От Гернсбека к Кэмпбеллу

Наибольшее влияние на наступление Золотого века оказал Джон У. Кэмпбелл, ставший легендой в жанре как редактор и издатель многих журналов научной фантастики, в том числе «Astounding Science Fiction». Под редакцией Кэмпбелла в научной фантастике стало больше реализма и психологической глубины в характерах персонажей, чем до этого было в «супернаучную» эпоху Гернсбека. Авторский фокус сместился от механизма к человеку, использующего этот механизм. Большинство фанов считают, что Золотой век начался около 193839[1]; в июле 1939 года вышел номер «Astounding Science Fiction»[2], содержащий первые опубликованные рассказы Айзека Азимова и Альфреда ван Вогта, и эту дату часто приводят в качестве точного начала Золотого века.

Развитие жанра

Многие штампы и общие места научной фантастики возникли в эпоху Золотого века. Благодаря работам Э. Э. Смита космическая опера вышла на новый уровень. Айзек Азимов в рассказе «Лжец» 1941 года впервые вывел свои знаменитые три закона роботехники и заложил основу космооперной франшизы «Академия». Одной из общих черт Золотого века: внедрение технических изобретений и ощущение чуда у читателей, примером может служить рассказ Азимова «Приход ночи», когда цивилизация на планете была разрушена за одну ночь в результате неординарного космического катаклизма. Романы 50-х от Роберта Хайнлайна, такие как «Кукловоды», «Двойная звезда» и «Звёздный десант», явно выражают либертарианскую идеологию, которая в то время была широко представлена в жанре[1].

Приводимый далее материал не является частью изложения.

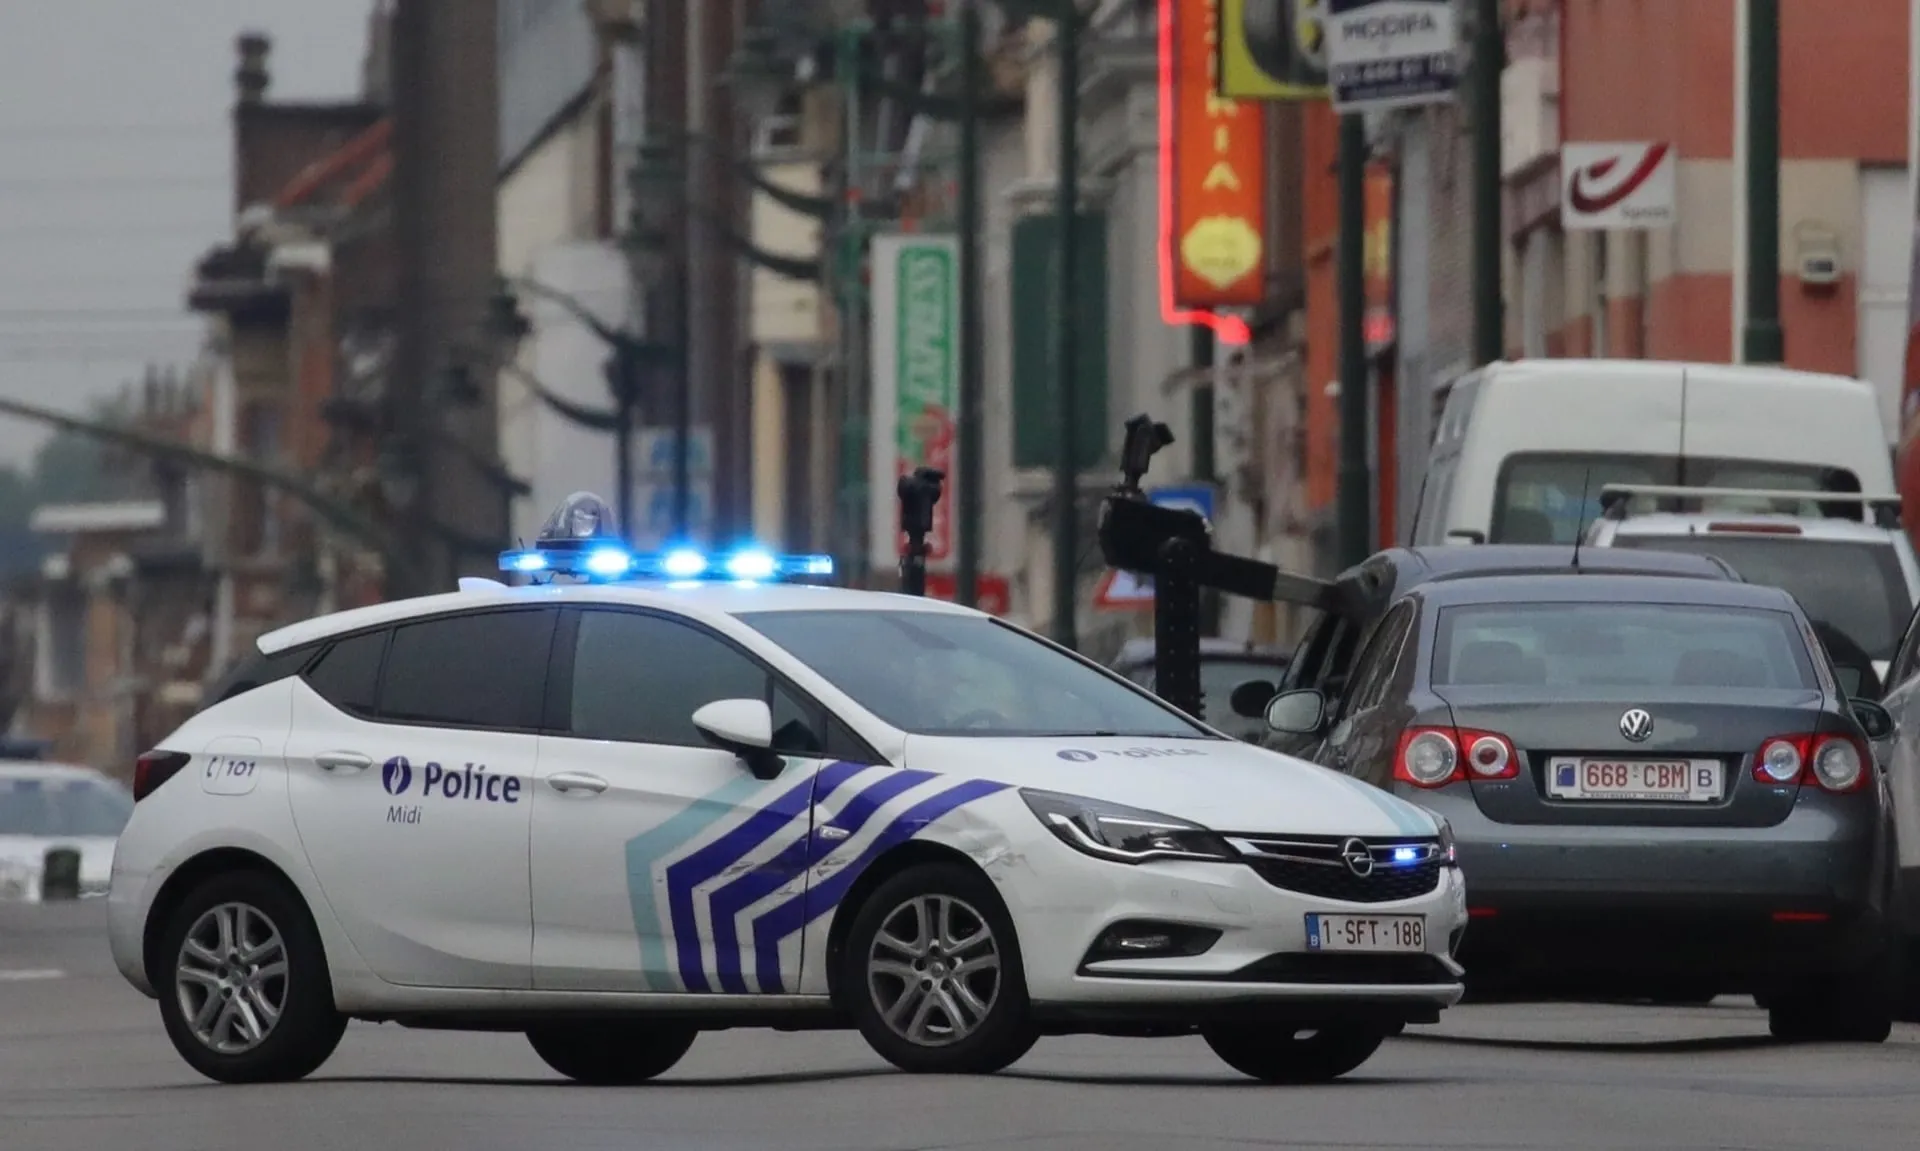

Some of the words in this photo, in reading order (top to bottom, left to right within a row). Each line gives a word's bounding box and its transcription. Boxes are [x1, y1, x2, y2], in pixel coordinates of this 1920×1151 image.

В Золотом веке в фантастике вновь появляются темы религии и духовности, которые были центральными в старой фантастике до эпохи космооперы, но подавлялись Хьюго Гернсбеком как несоответствующие его представлению о «научности». Среди самых известных произведений этого типа: «Марсианские хроники» Рэя Брэдбери, «Конец детства» Артура Кларка, «Дело совести» Джеймса Блиша и «Страсти по Лейбовицу» Уолтера Миллера[1].

Культурное значение

Как явление, которое повлияло на очень многих подростков во время Второй мировой войны и последующей за ней холодной войной, Золотой век научной фантастики оставил неизгладимый след в обществе. Начало золотого века совпало с первым конвентом Worldcon в 1939 году, и с тех пор научная фантастика обрела значительную общественную силу, в особенности для её наиболее активных фанов. Жанр, особенно в период своего расцвета, оказывал заметное, хоть и несколько косвенное воздействие на военных лидеров, информационные технологии, Голливуд и на саму науку (особенно биотехнологии и фармацевтику).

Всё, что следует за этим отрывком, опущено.